Wissenschaftsdisziplinen
Geschichte, Archäologie (100%)
Abstract
Drei Fragen bestimmen die vorliegende Untersuchung zu deutschnationaler und nationalsozialistischer
Geschlechterpolitik in Österreich:
* die Frage nach - offenen und verdeckten - Zusammenhängen zwischen Nationalismus und nationaler Formierung
auf der einen und nach der Konstituierung des Geschlechterverhältnisses in der Republik und der politischen
Positionierung von Frauen auf der anderen Seite:
* die Frage nach Verbindungslinien und Transformationen zwischen den deutschnationalen und völkischen Milieus
im Österreich der Zwischenkriegszeit und der sich formierenden nationalsozialistischen Bewegung;
* und schließlich die Frage nach der Reformulierung von Geschlechterverhältnissen in nationalsozialistischen
Diskursen und nach der Partizipation von Frauen an oppositionellen - legalen und illegalen - nationalsozialistischen
Politikzusammenhängen in der Ersten Republik und im austrofaschistischen "Ständestaat". Zur Untersuchung dieser
- an die internationale Forschungadiskussion um Nation und Geschlecht wie an die Geschlechterforschung zum
Nationalsozialismus anschließenden - Fragen werden auf der Basis gedruckter wie archivalischer Quellen in den
ersten beiden Abschnitten die Frauen- und Geschlechterpolitik der Großdeutschen Volkspartei - der größten Partei
des sogenannten ,"nationalen Lagers", der Ersten Republik -, sowie die Entwicklung der Frauenorganisierung
innerhalb der nationalsozialistischen Partei in Österreich und deren geschlechterpolitische Aussagen untersucht.

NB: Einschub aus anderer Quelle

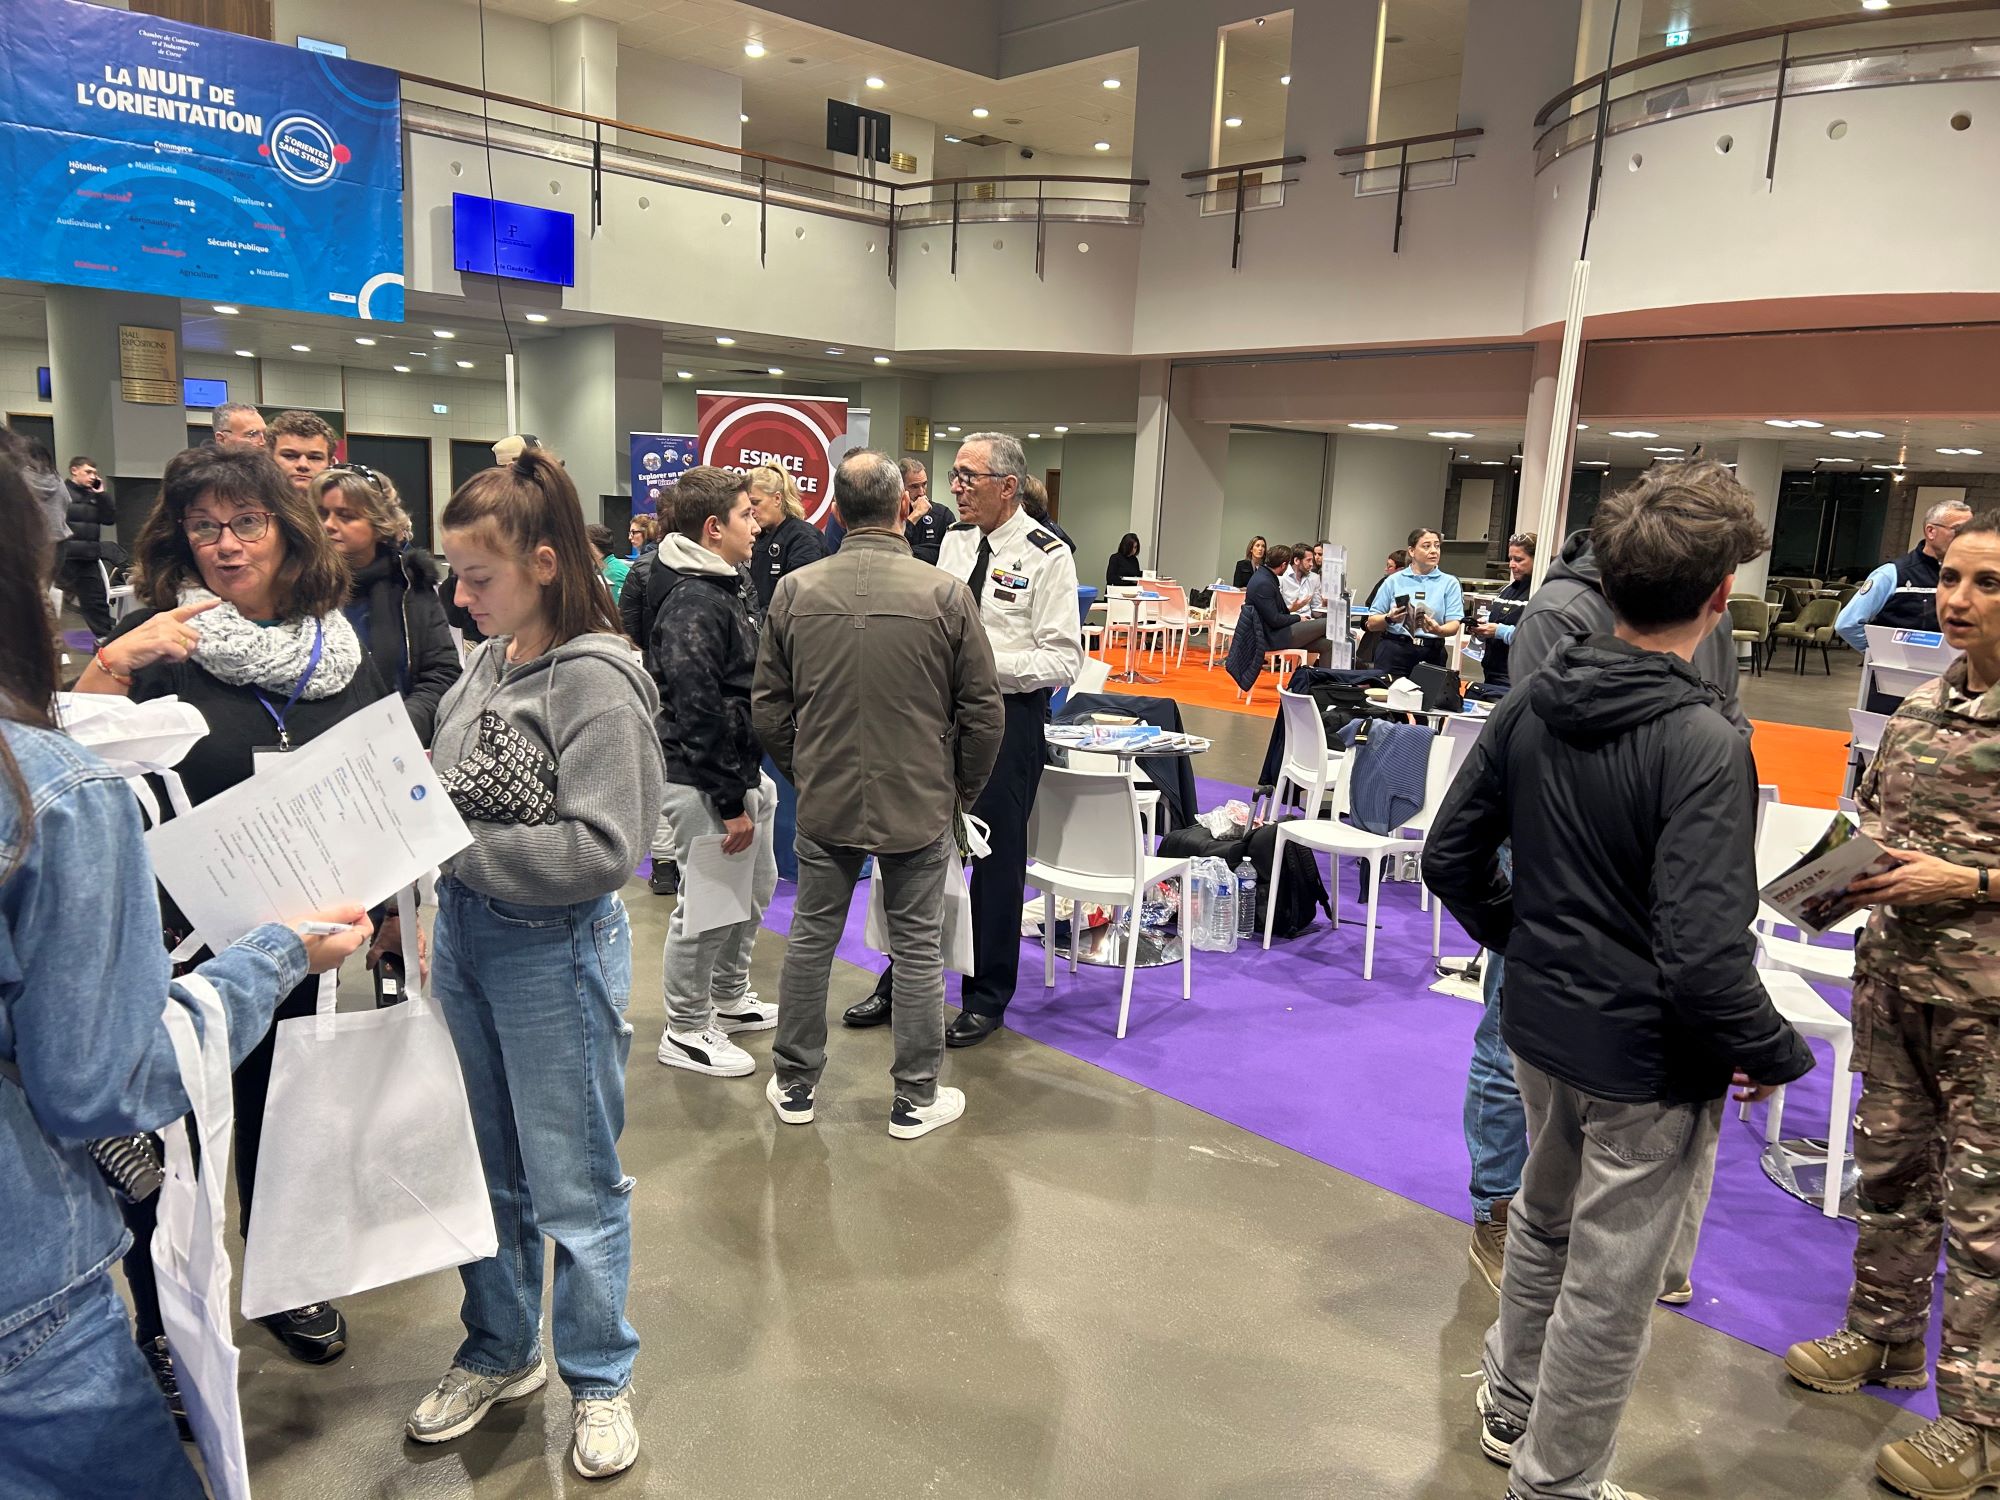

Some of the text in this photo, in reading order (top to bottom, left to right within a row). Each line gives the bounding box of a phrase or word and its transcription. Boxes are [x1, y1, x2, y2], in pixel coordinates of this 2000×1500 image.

[105, 65, 235, 106] LA NUIT DE
[77, 83, 262, 136] L'ORIENTATION
[154, 140, 193, 153] Commerce
[278, 142, 330, 170] SANS STRESS
[284, 134, 328, 161] S'ORIENTER
[68, 160, 108, 174] Hôtellerie
[135, 161, 177, 174] Multimédia
[174, 197, 196, 207] Santé
[233, 196, 265, 207] Tourisme
[56, 217, 102, 230] Audiovisuel
[207, 238, 269, 254] Sécurité Publique
[256, 268, 289, 279] Nautisme
[122, 330, 139, 339] HALL
[122, 339, 166, 350] EXPOSITIONS
[740, 448, 804, 472] ESPACE
[638, 472, 667, 481] Explorer
[494, 734, 534, 768] MARC
[508, 728, 544, 762] MARC
[498, 750, 544, 794] JACOBS
[460, 780, 502, 814] MARC
[477, 774, 520, 811] MARC
[520, 808, 540, 824] BY
[509, 780, 546, 814] MARC
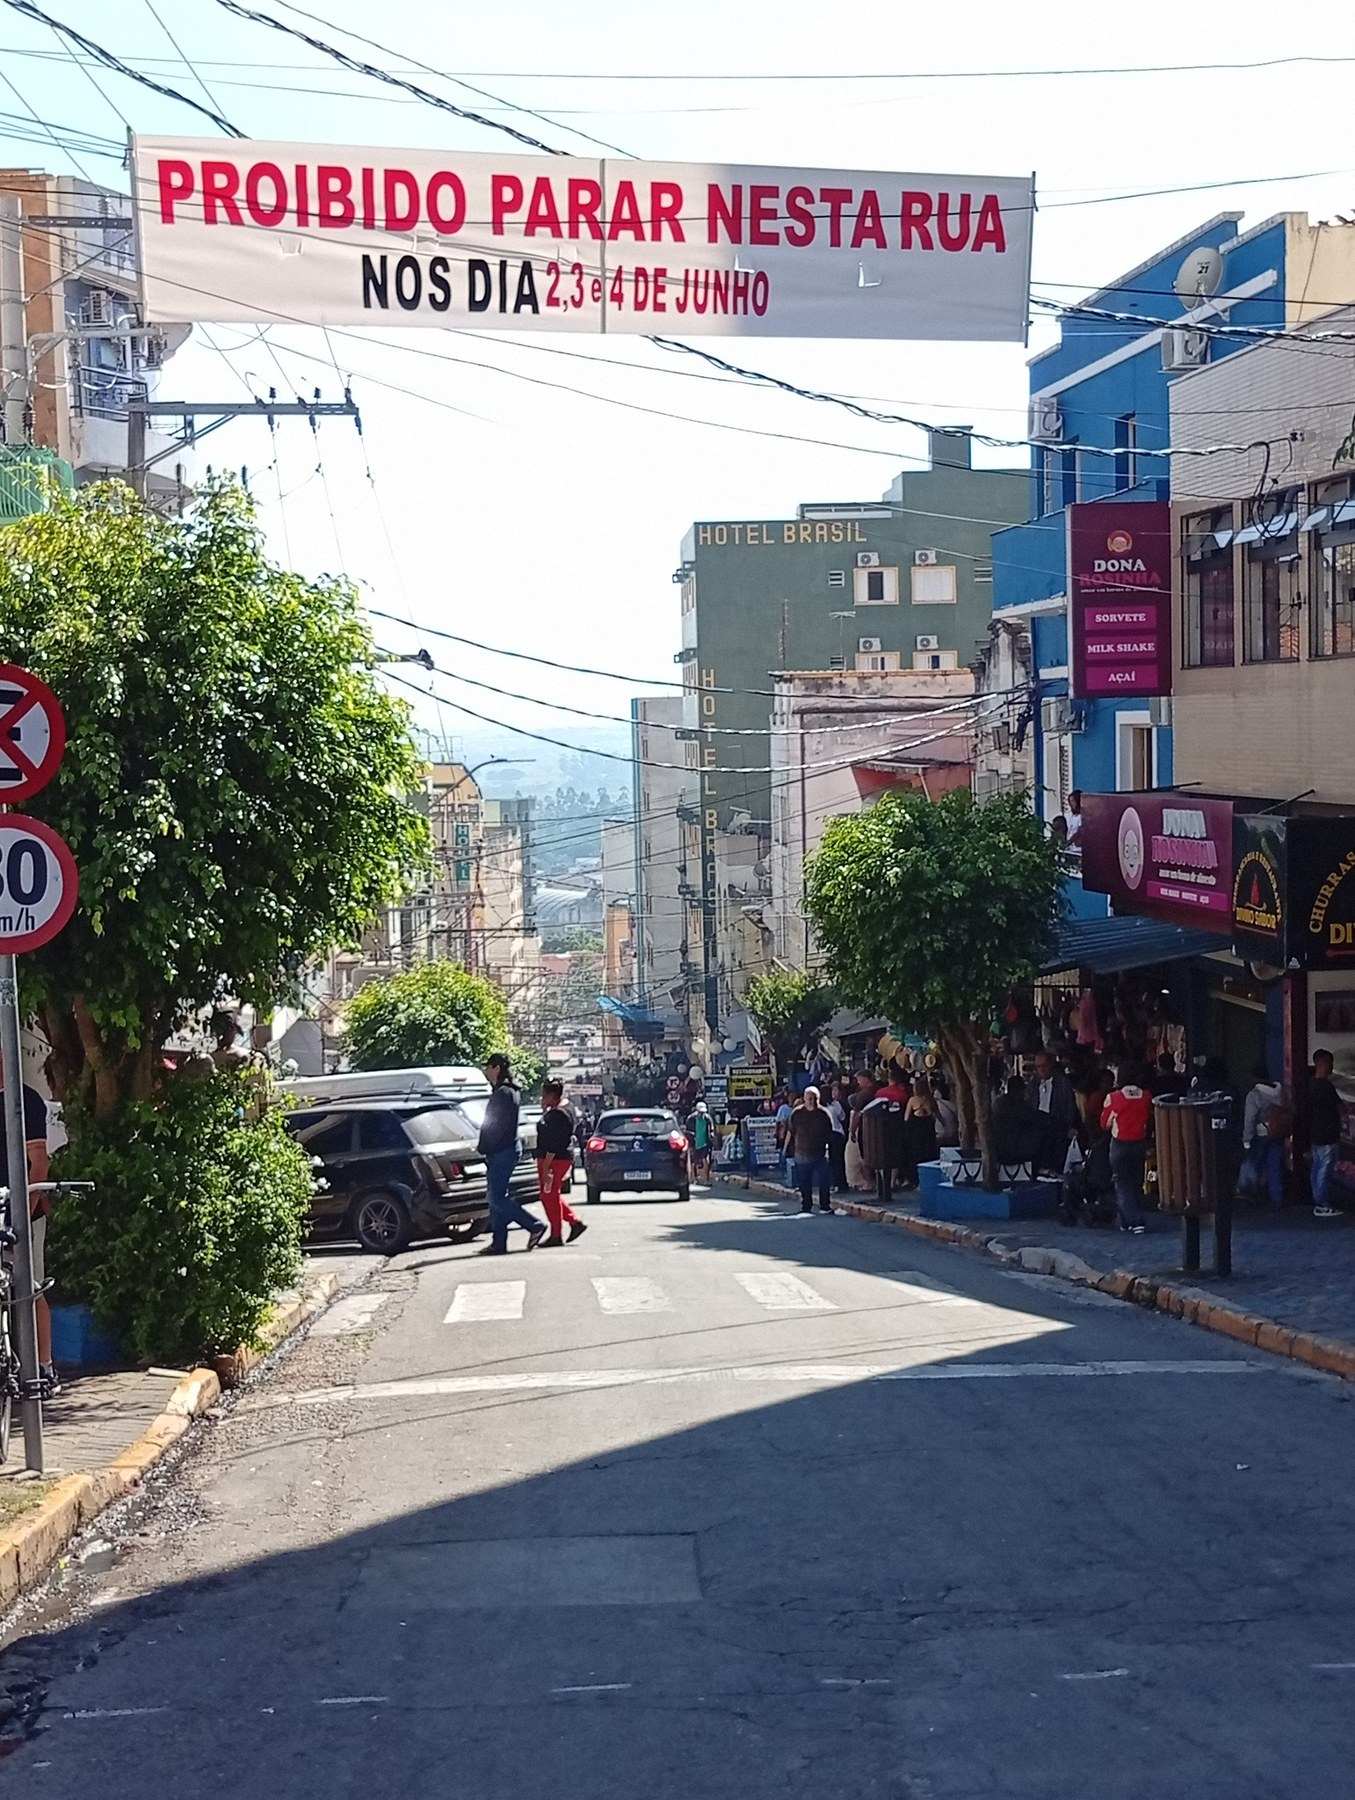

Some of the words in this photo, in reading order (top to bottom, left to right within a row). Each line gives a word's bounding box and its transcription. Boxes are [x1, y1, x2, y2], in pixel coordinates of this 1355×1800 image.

[156, 158, 468, 236] PROIBIDO
[490, 173, 687, 244] PARAR
[708, 183, 888, 249] NESTA
[900, 190, 1007, 253] RUA
[362, 254, 452, 311] NOS
[468, 258, 540, 315] DIA
[590, 278, 603, 303] e
[610, 264, 624, 311] 4
[633, 266, 668, 314] DE
[675, 268, 770, 317] JUNHO
[699, 524, 775, 546] HOTEL
[783, 521, 868, 544] BRASIL
[1093, 558, 1147, 573] DONA
[1079, 572, 1162, 587] ROSINHA
[1095, 613, 1146, 623] SORVETE
[1087, 644, 1116, 654] MILK
[1116, 642, 1156, 653] SHAKE
[1108, 670, 1136, 684] AÇAÍ
[1162, 808, 1206, 838] DONA
[0, 838, 48, 906] 0
[1329, 922, 1355, 944] DI
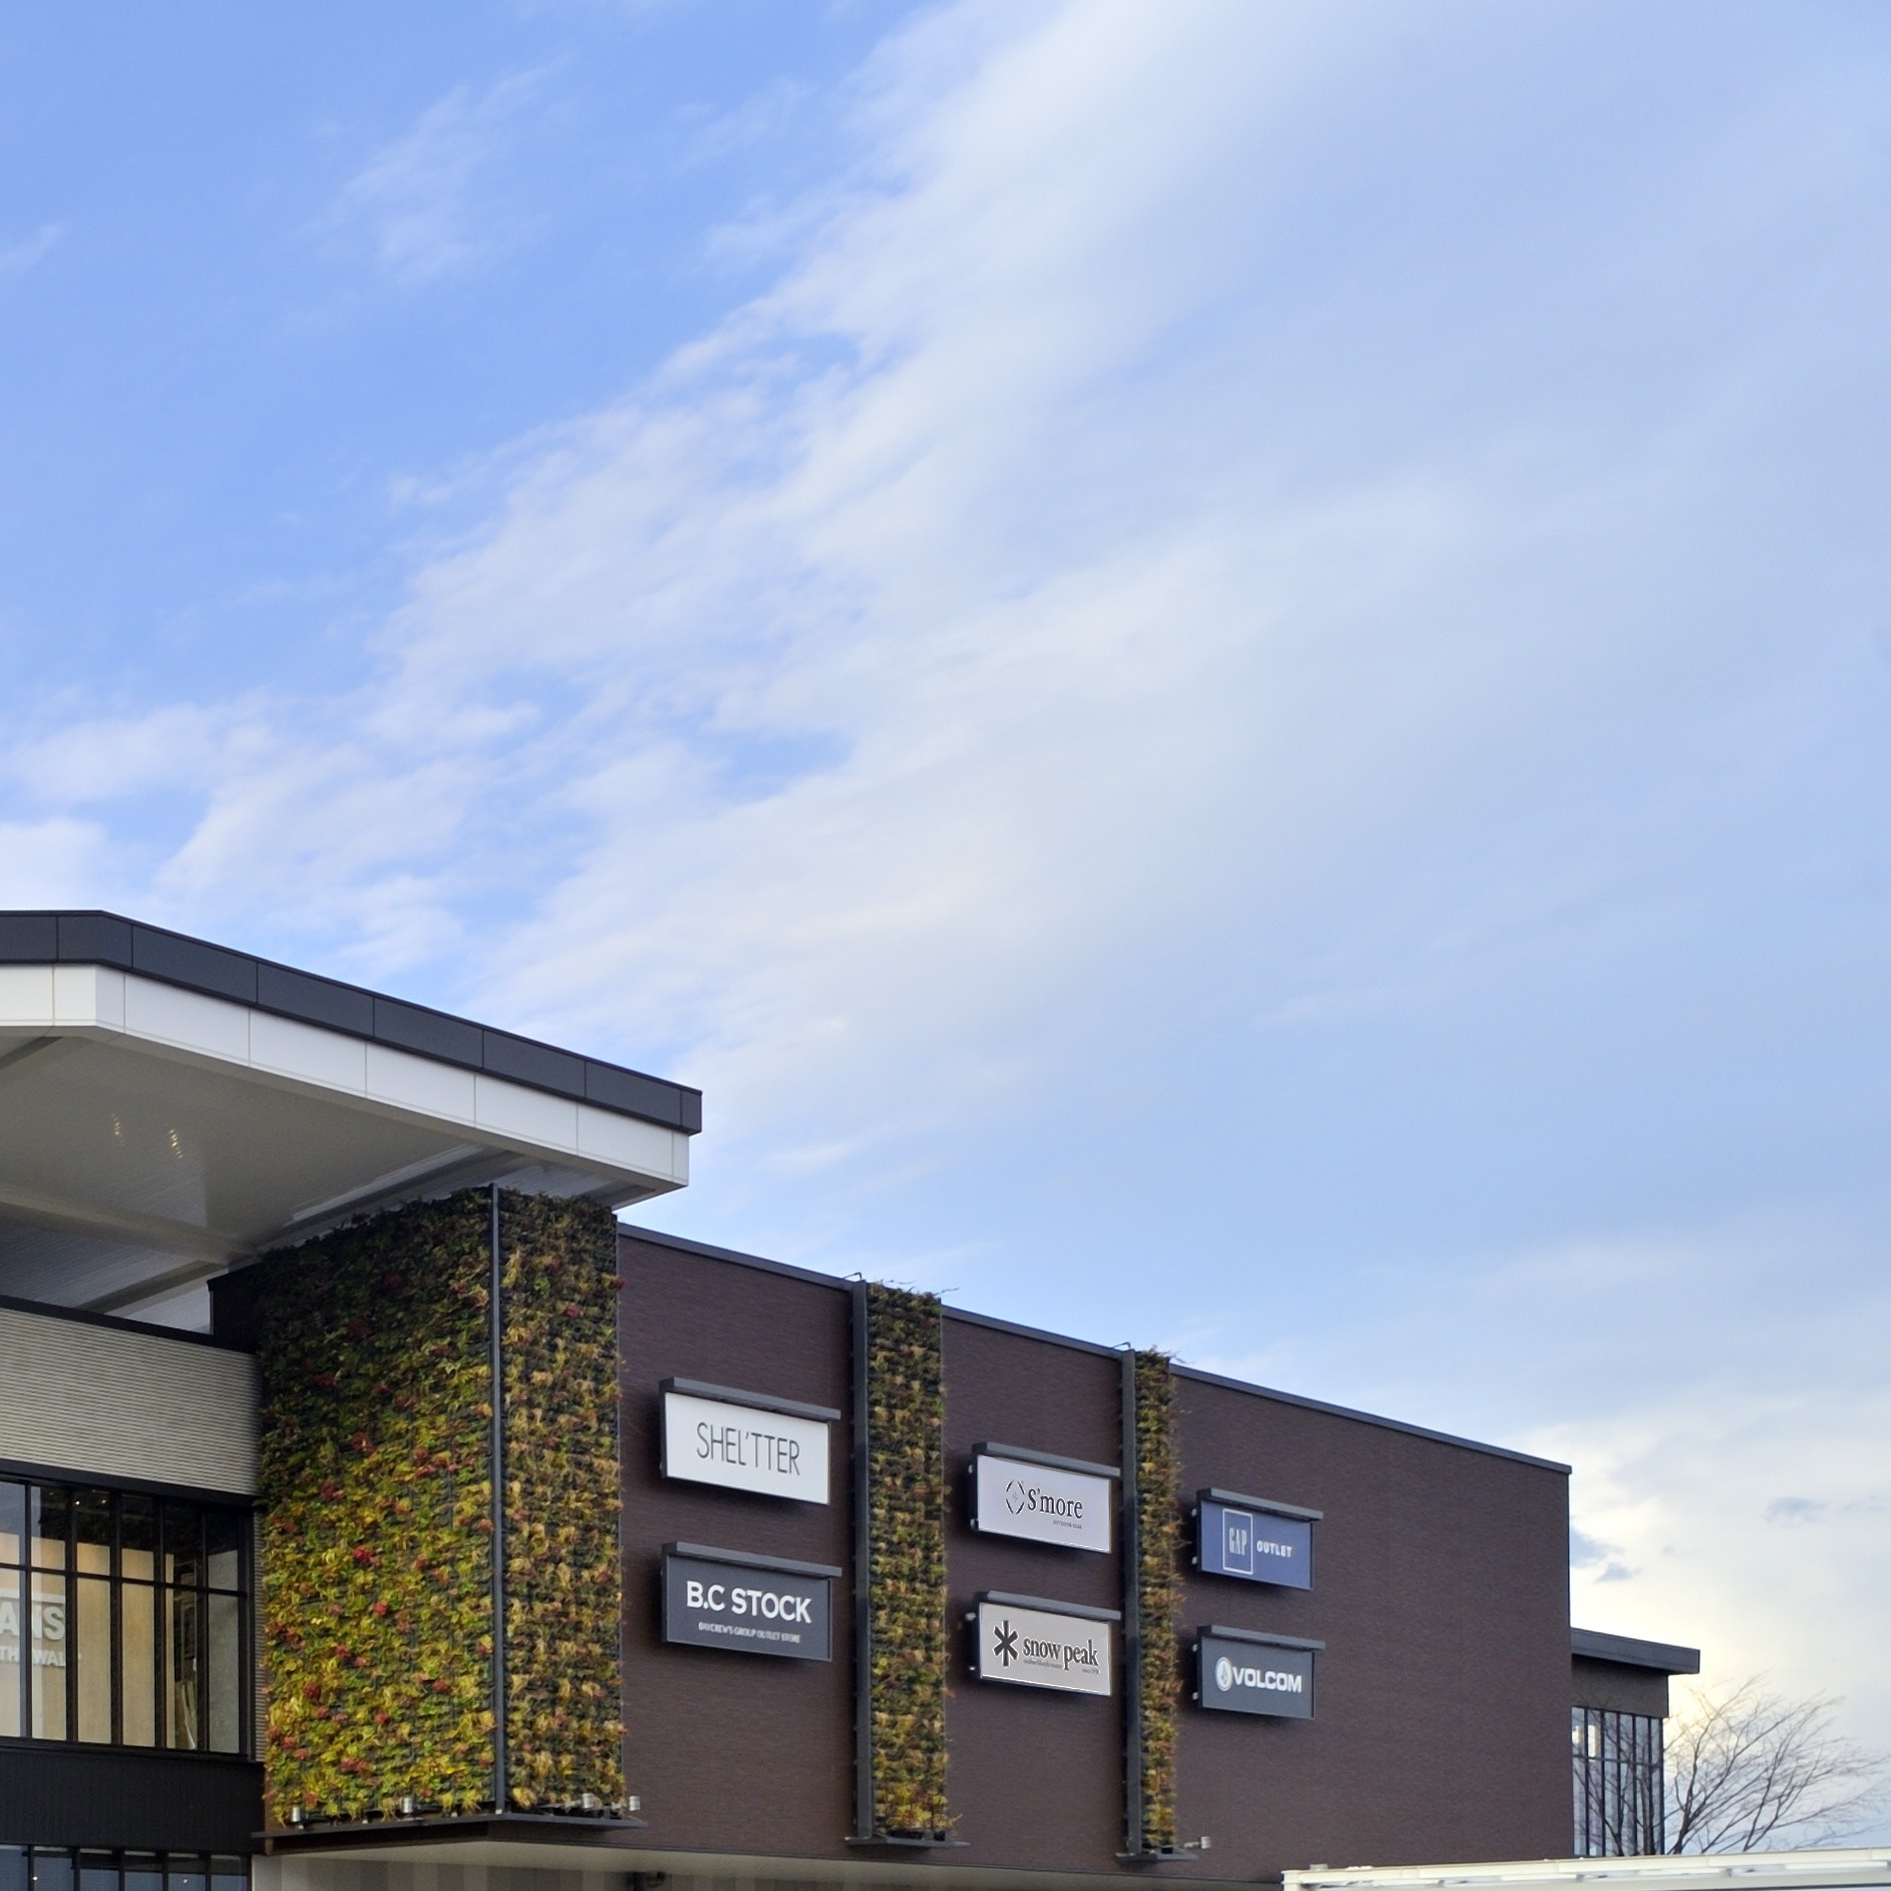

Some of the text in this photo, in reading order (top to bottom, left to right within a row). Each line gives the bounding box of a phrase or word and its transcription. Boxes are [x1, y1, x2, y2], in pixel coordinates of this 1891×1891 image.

[696, 1421, 801, 1477] SHEL'TTER
[1027, 1487, 1084, 1520] S'more
[1228, 1527, 1293, 1558] GAP OUTLET
[686, 1580, 813, 1624] B.C STOCK
[1023, 1638, 1099, 1671] snow peak
[1232, 1666, 1303, 1694] VOLCOM

Aus der Verbindung dieser beiden Fragestellungen resultiert als These dieser Arbeit: die antisemitische Ideologie
der ,`Volksgemeinschaft" spielte als Matrix sowohl großdeutscher wie nationalsozialistischer
Geschlechterprogrammatik eine zentrale Rolle für die Transformation der aus deutschnationaler Perspektive
formulierten Frauen- und Geschlechterpolitik in ein Feld nationalsozialistischer ideologischer und politischer
Positionierung. Neben organisations- und ideologiegeschichtlichen Darstellungen und Analysen werden in dieser
Arbeit auch sozialgeschichtliche Fragen nach der Konstituierung von spezifischen Milieus der politischen
Partizipation von Frauen in der Ersten Republik aufgeworfen. Exemplarische Analysen - etwa eine Untersuchung
der geschlechtsspezifischen Wahlergebnisse der für die NSDAP so erfolgreichen Wahlen 1932 oder biographische
Thematisierungen zentraler Persönlichkeiten des untersuchten Politikzusammenhanges - ergänzen die Darstellung.
Den dritten und abschließenden Teil der Arbeit bildet die Untersuchung des legalen und halblegalen Netzwerkes
deutschnationaler Frauenorganisationen. das - so die These dieser Untersuchung - nach dem Verbot der NSDAP
wesentlich zur Reorganisation und Aufrechterhaltung der illegalen nationalsozialistischen Zusammenhänge beitrug.